The failure of the portal shunt to improve survival reflected the associated complications of encephalopathy and post-shunt failure.

This operation was created to preserve blood flow through the portal vein in the direction of the liver by decompressing the varices in the stomach and oesophagus through the spleen and splenic vein joined to the left kidney vein.

Studies comparing porto-systemic shunts with DSRS confirmed similar levels of mortality and survival.

DSRS had a higher mortality during the operation, but a lower risk of encephalopathy postoperatively.

Furthermore, patients with alcoholic cirrhosis did not find much benefit with DSRS compared to those with non-alcoholic cirrhosis.

The greatest merit of sclerotherapy is that it is relatively simple to perform and that it can also be administered in emergency departments.

Most physicians use a flexible endoscope to inject sclerosing solutions into oesophageal varices.

An important recent benefit has been the development of the transjugular intrahepatic porto-systemic shunt (TIPS).

TIPS is performed by the radiologist, using only local anaesthesia and a sedative.

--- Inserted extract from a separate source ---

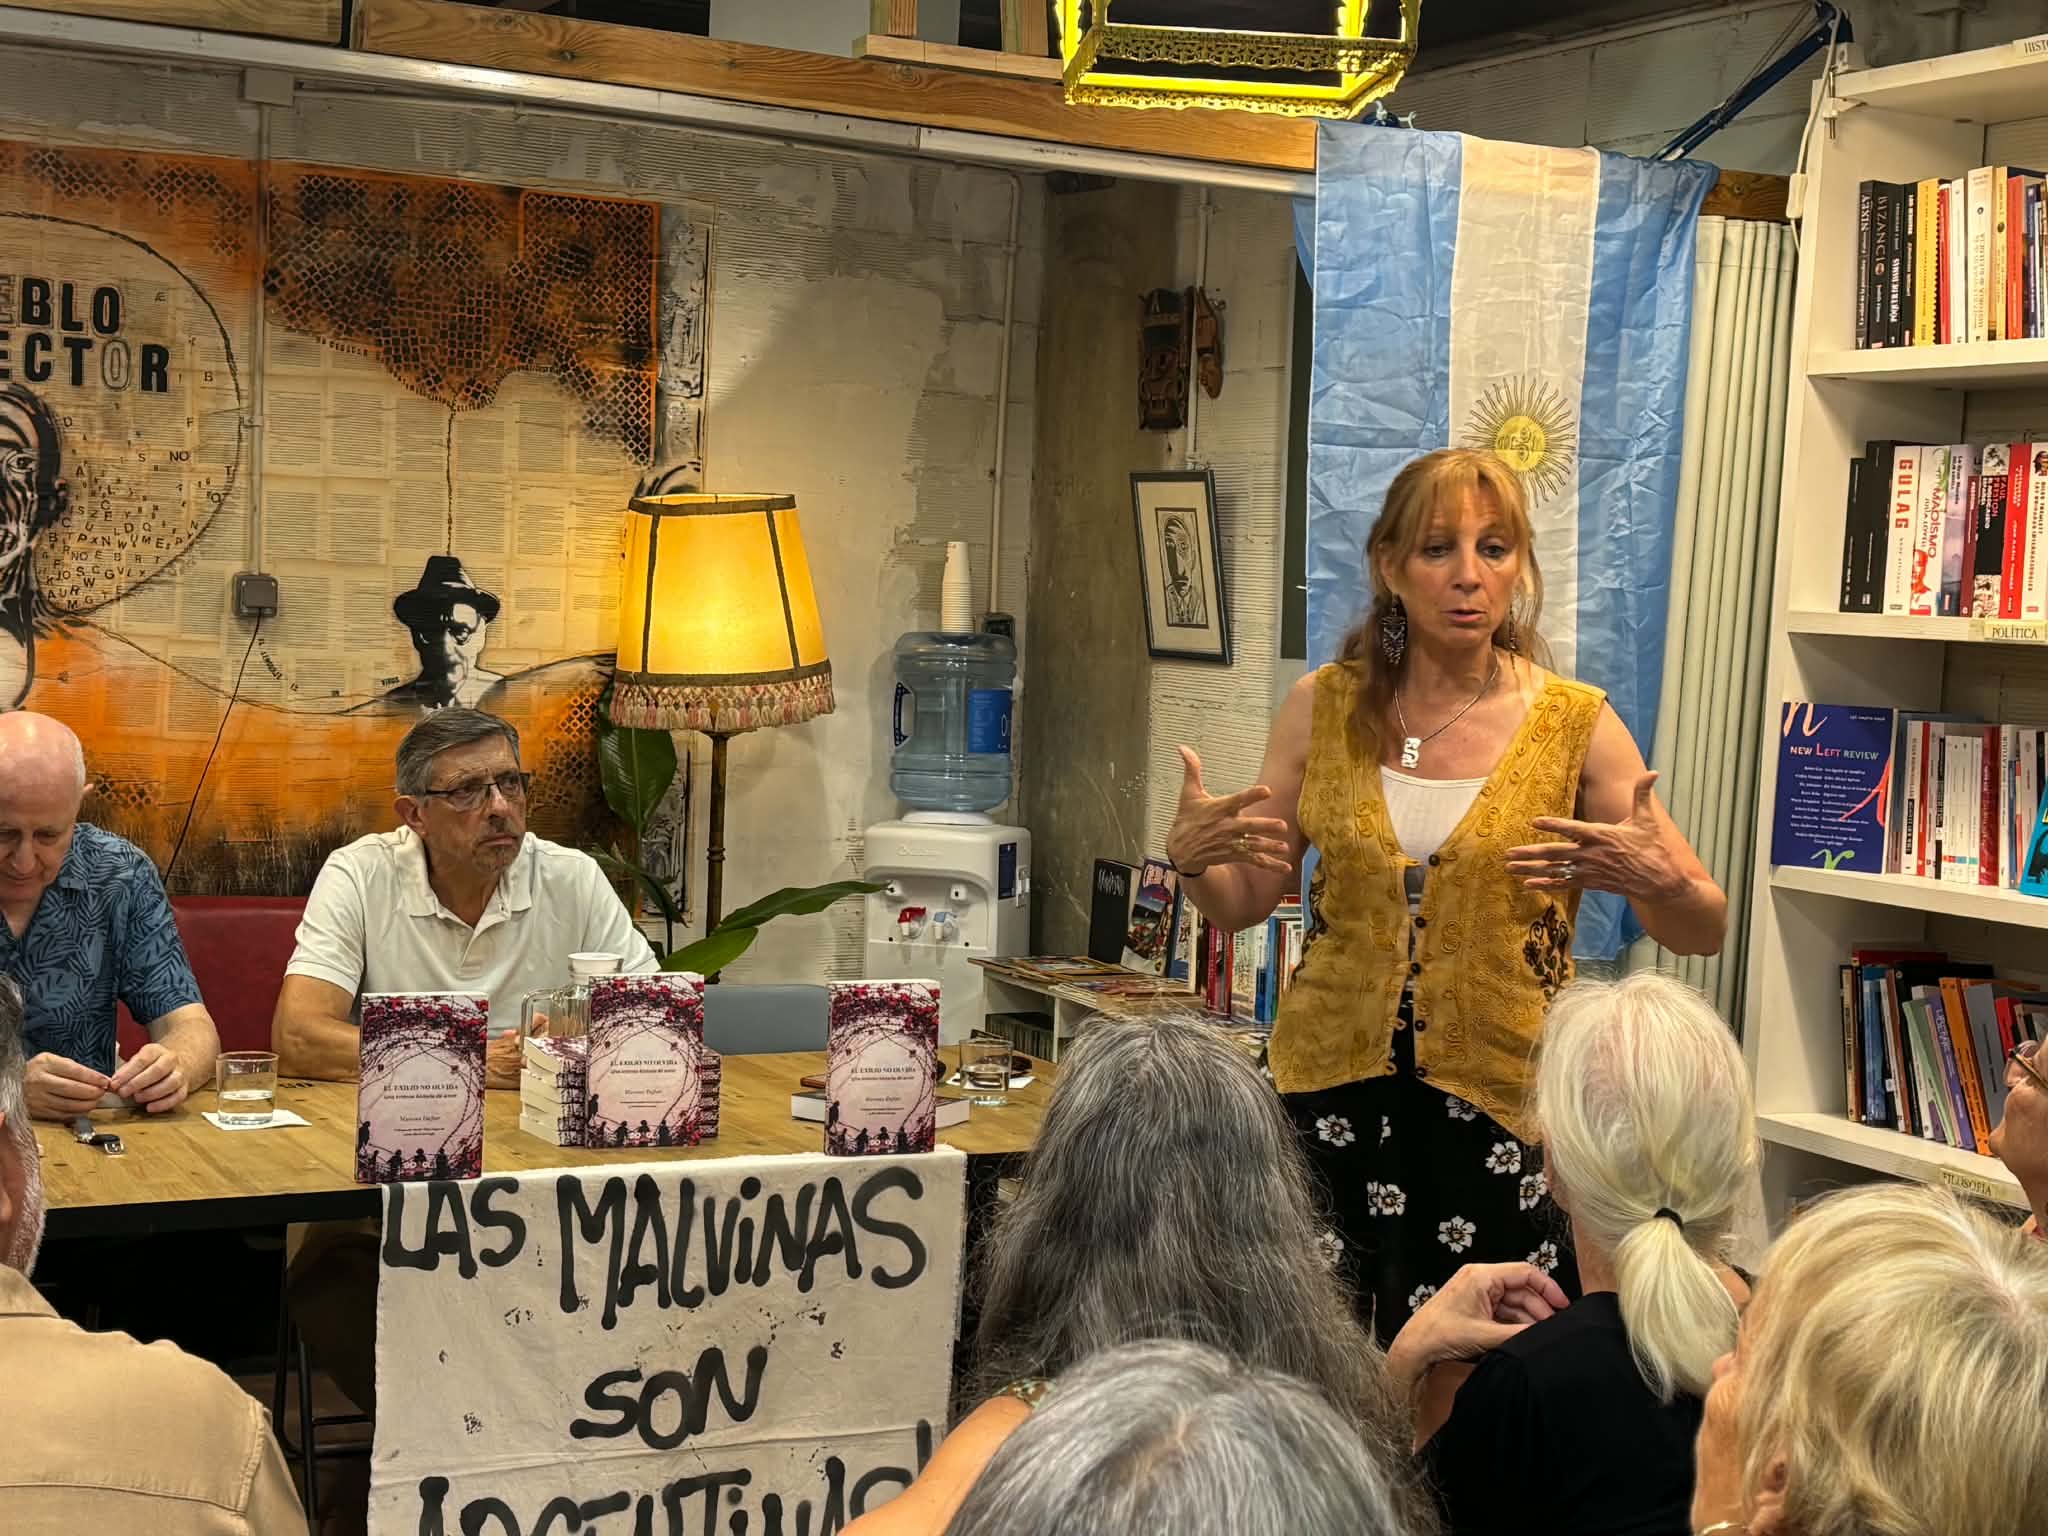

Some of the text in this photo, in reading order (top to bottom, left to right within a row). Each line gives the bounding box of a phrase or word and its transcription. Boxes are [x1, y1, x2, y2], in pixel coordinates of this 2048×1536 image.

A long needle is inserted through the jugular vein in the neck, from there led to the hepatic vein and then into a branch of the portal vein in the liver.

Then the section between the portal vein branch and the hepatic vein is drained.

The major advantages of TIPS are that it does not require general anaesthesia or a more demanding surgical procedure, both of which are poorly tolerated by patients with cirrhosis.

It has indeed been successfully used to treat severe ascites (which no longer responded to diuretic drugs), to reduce fluid accumulation.

TIPS is a great innovation, but it is not without risks.

Although the direct mortality due to TIPS complications is relatively low (less than 5%), this is only true if the procedure is performed by experienced radiologists in specialised centres.

About a quarter of patients also develop encephalopathy after TIPS.

In a setting of lethal haemorrhage that no longer responds to sclerotherapy, TIPS is probably the ideal shunt procedure, if it is immediately available.

TIPS is not considered therapy of choice in patients with portal hypertension who do not respond to sclerotherapy and are candidates for liver transplantation.

This is because the presence of a surgical shunt makes transplantation more difficult, which may lead to a higher risk of complications and death after transplantation.

DSRS is preferable in a non-emergency surgery setting in patients who have recurrent haemorrhage despite sclerotherapy, but whose liver function is good.